When the Provost announced the process, it looked like it might be collaborative and consultative. In addition to the Provost, the committee would include: three to five faculty members, one to three students, the Dean of the School of Graduate Studies, one librarian, two to three scholars (internal or external), plus alumni and other members of the legal profession.
Students immediately sought to ensure students’ voices would be adequately represented in this process. Although the Provost would make the final decision on who to appoint, students overwhelmingly agreed that their representatives on the committee should be selected based on a democratic vote. The SLS asked the Provost to extend the nomination deadline to allow it to hold a vote. The Provost refused.
Students were not deterred. The SLS ran an email vote, with large turnout from the student body, and informed the Provost of students’ choices. The response was to snub our democratic process. None of the students we selected were appointed.

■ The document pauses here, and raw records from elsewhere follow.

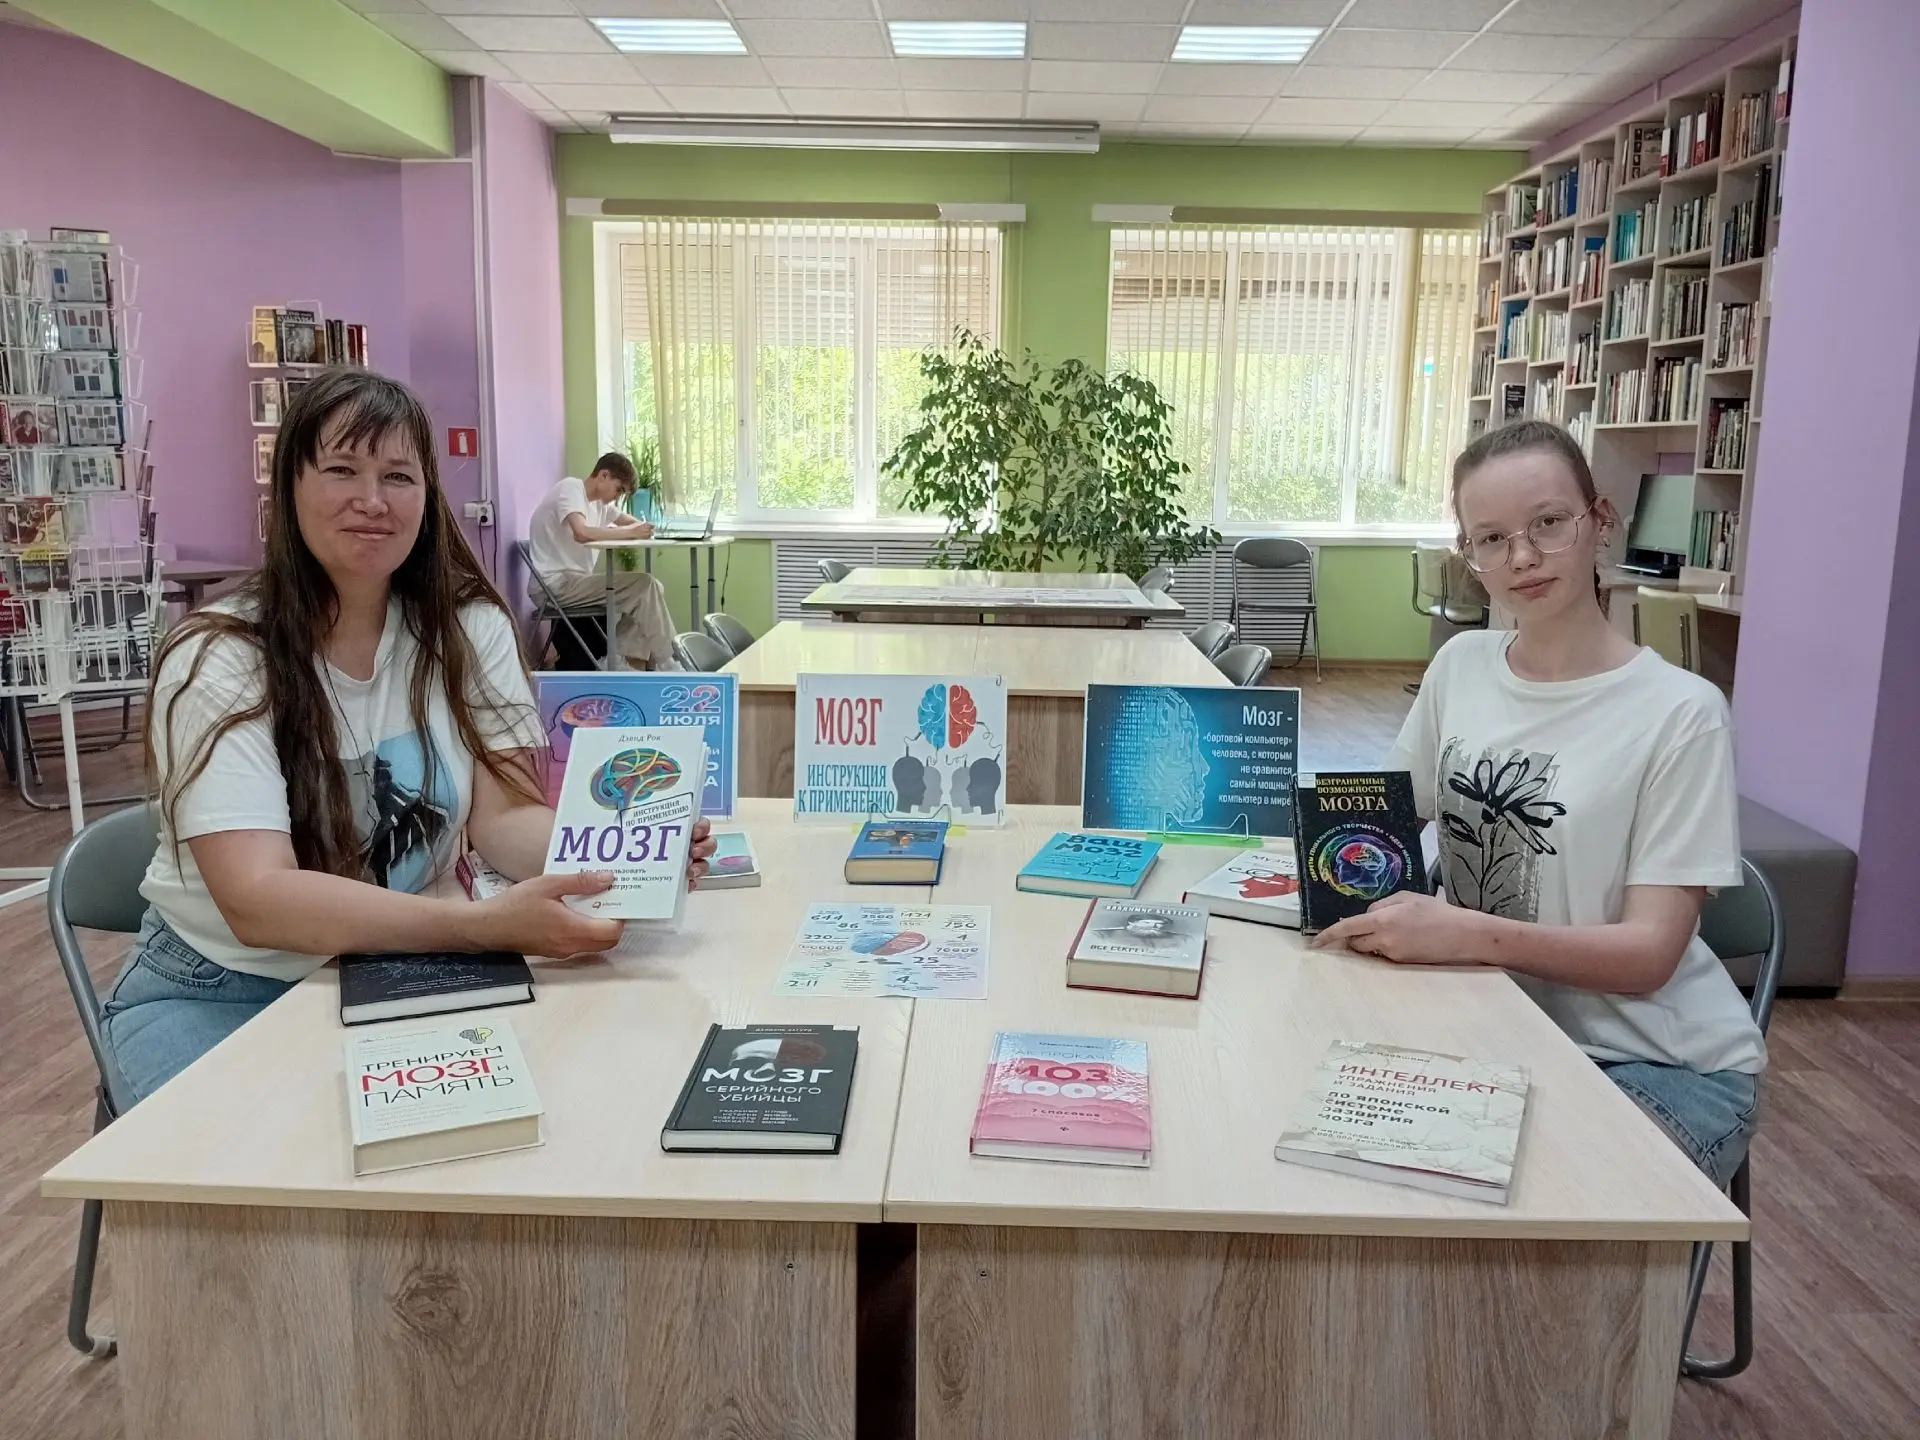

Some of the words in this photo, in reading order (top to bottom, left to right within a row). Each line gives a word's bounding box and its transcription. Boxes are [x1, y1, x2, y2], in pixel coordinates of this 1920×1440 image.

[660, 684, 721, 714] 22
[659, 714, 720, 725] ИЮЛЯ
[815, 697, 882, 746] МОЗГ
[1243, 705, 1283, 726] Мозг
[646, 734, 661, 742] Рок
[1203, 732, 1243, 744] «бортовой
[1244, 735, 1292, 747] компьютер»
[1212, 749, 1250, 759] человека,
[1251, 751, 1257, 759] с
[1258, 752, 1292, 762] которым
[807, 764, 887, 789] ИНСТРУКЦИЯ
[1240, 765, 1250, 773] не
[1252, 766, 1292, 776] сравнится
[1229, 779, 1256, 789] самый
[1316, 777, 1385, 786] БЕЗГРАНИЧНЫЕ
[1317, 785, 1385, 794] ВОЗМОЖНОСТИ
[632, 799, 680, 818] ИНСТРУКЦИЯ
[798, 789, 806, 813] К
[808, 789, 895, 814] ПРИМЕНЕНИЮ
[1219, 794, 1262, 806] компьютер
[1264, 796, 1269, 804] в
[1270, 797, 1291, 806] мире
[1318, 795, 1390, 812] МОЗГА
[625, 819, 637, 828] ПО
[637, 804, 689, 824] ПРИМЕНЕНИЮ
[1342, 823, 1384, 834] ТВОРЧЕСТВА
[554, 825, 682, 862] МОЗГ
[913, 956, 940, 964] 25
[361, 1045, 503, 1073] ТРЕНИРУЕМ
[361, 1054, 504, 1093] МОЗГ
[701, 1067, 834, 1084] МОЗГ
[1340, 1064, 1499, 1095] ИНТЕЛЛЕКТ
[364, 1074, 514, 1107] ПАМЯТЬ
[705, 1084, 822, 1095] СЕРИЙНОГО
[1338, 1074, 1437, 1094] УПРАЖНЕНИЯ
[1347, 1081, 1415, 1096] ЗАДАНИЯ
[719, 1093, 801, 1103] УБИЙЦЫ
[1356, 1093, 1450, 1115] японской
[1325, 1099, 1405, 1116] системе
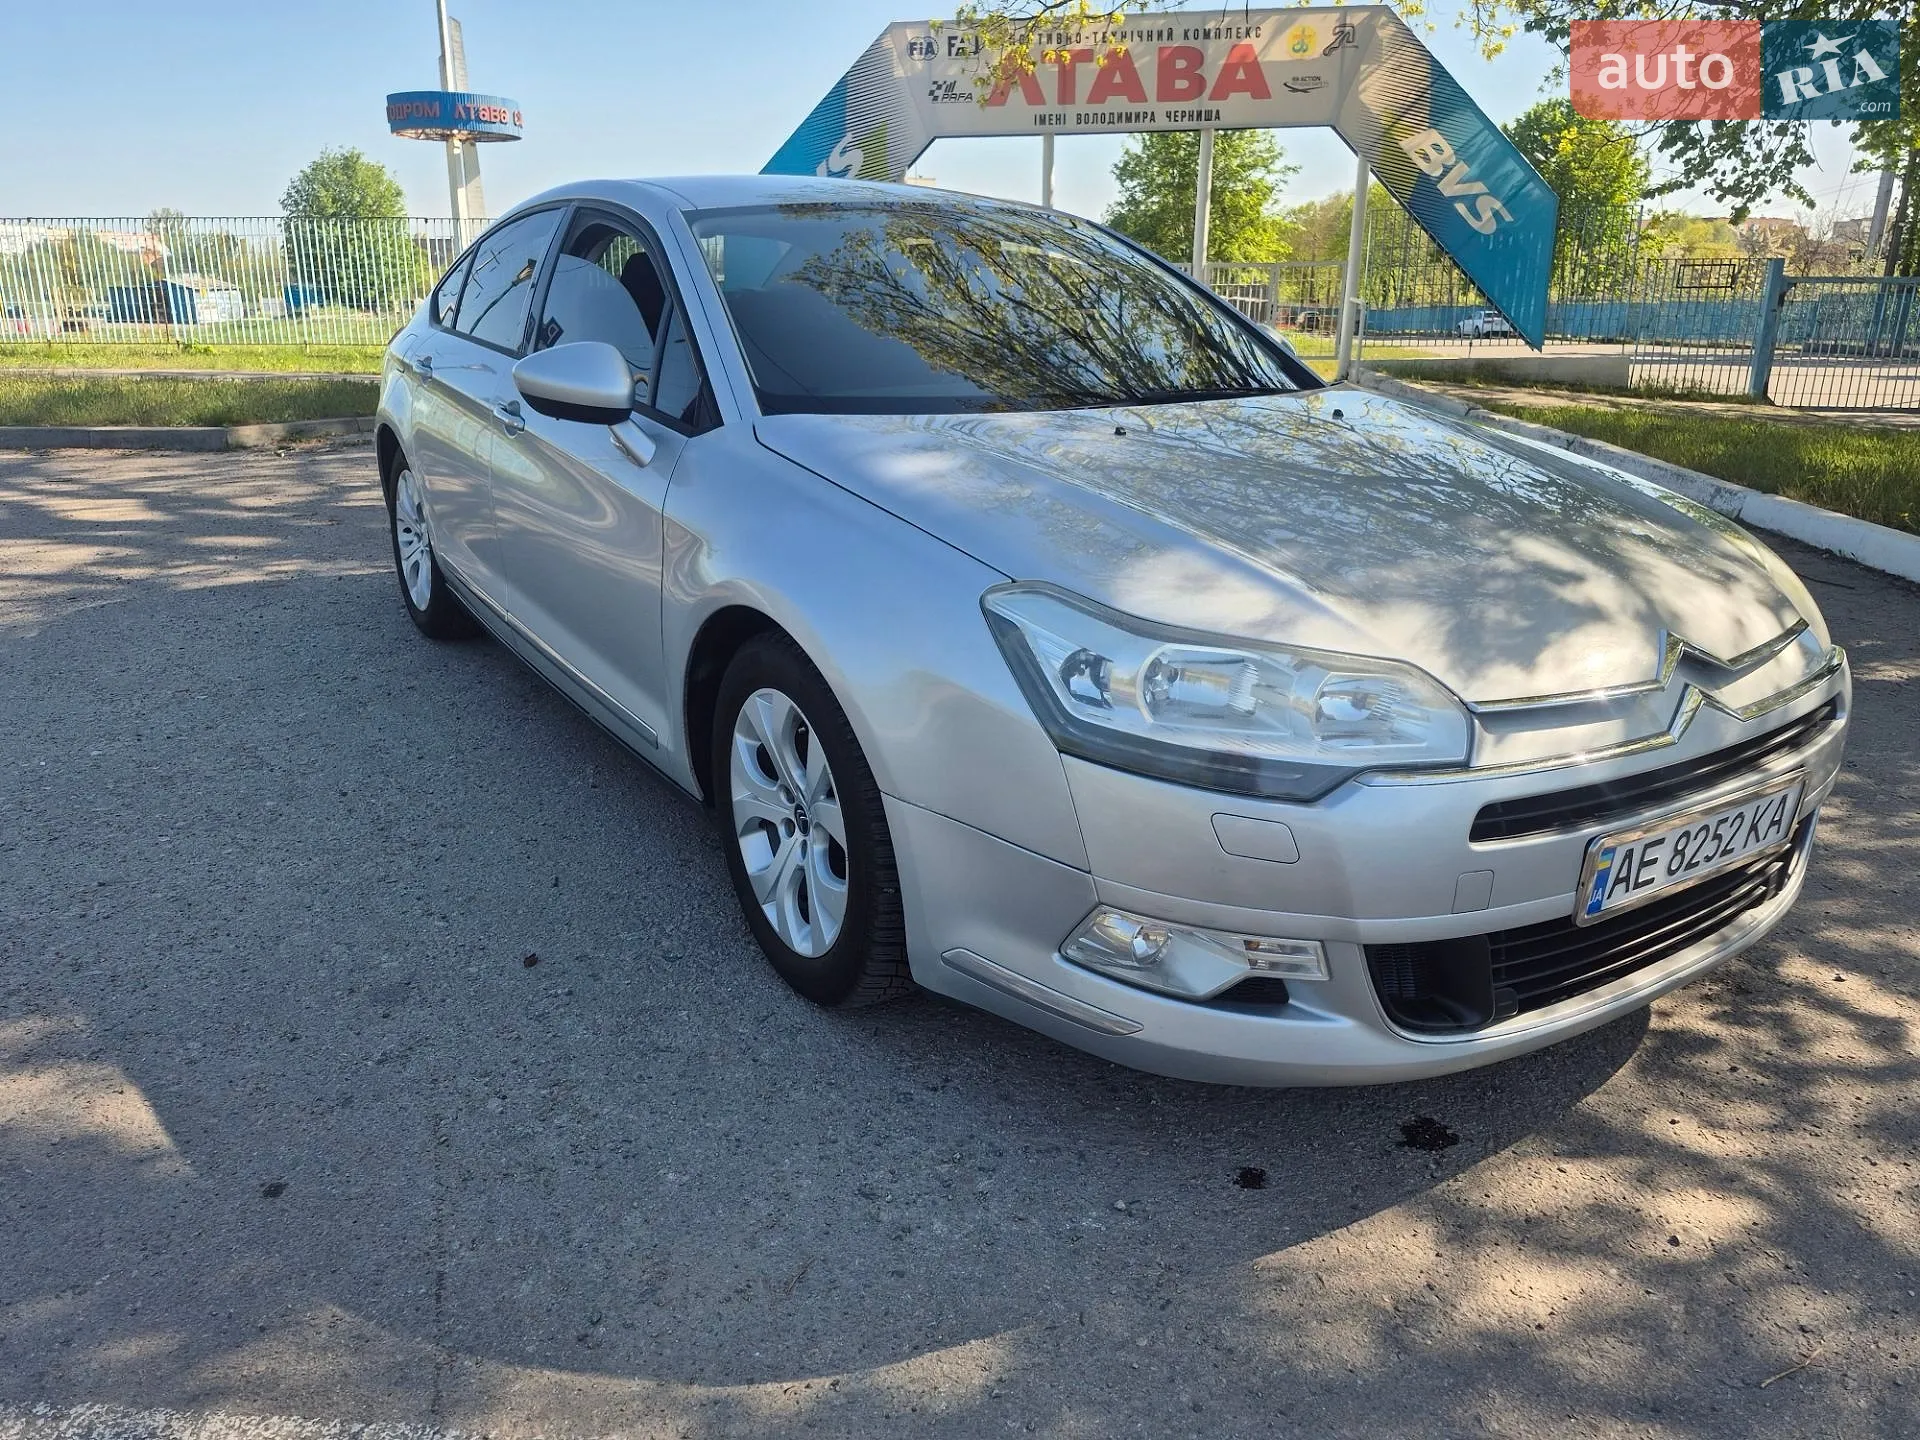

To be clear, this is not to discredit the students who were chosen. Natalie and Aaron have been doing a great job – organizing consultations during the summer, and working with the SLS to organize the upcoming town hall – but their hands are tied by the process.
At other universities, it’s common for a dean selection process to include a public shortlist, and an opportunity for students, faculty, and staff to hear from candidates and provide feedback to the committee. This could include public talks, roundtable discussions, a reception, etc., followed by an opportunity to provide written feedback to the committee on the candidates who have made the list.
A transparent and collaborative process would make for a better Faculty of Law. Our classmates are a brilliant group of people, with impressive and diverse backgrounds. We have an accomplished and renowned group of alumni. The administration likes to point this out in recruitment materials. Instead, the Provost has sought to keep these voices as far away from the process as possible.
The committee is incredibly insular, with only one person external to the University of Toronto (an alumna). Otherwise, the only members of the committee from outside the Faculty of Law are the Deans of the School of Graduate Studies, Arts and Science, and Rotman.
It is a committee designed to pick an internal candidate, even if the best choice for U of T Law might be an external candidate willing to shake things up a little.
A perceived “front-runner” is on everyone’s mind, despite the fact that this process isn’t supposed to be an election.
I would bet good money that when the new Dean is announced this fall, it will be Professor Edward Iaccobucci, and while his colleagues on the committee can interact with him every day, students have had no chance to learn about his vision for the Faculty and hear why he should be Dean. My point is not about whether Professor Iaccobucci should or should not be dean. It is about the process that will get us there. Complete disregard for the principles of shared governance, where students and faculty—not only the Provost—have a say in how the institution is run, will in the long term lead to a dysfunctional institution.
Without space for meaningful input from students, faculty, and staff in how the Faculty of Law is governed, that is where we are headed.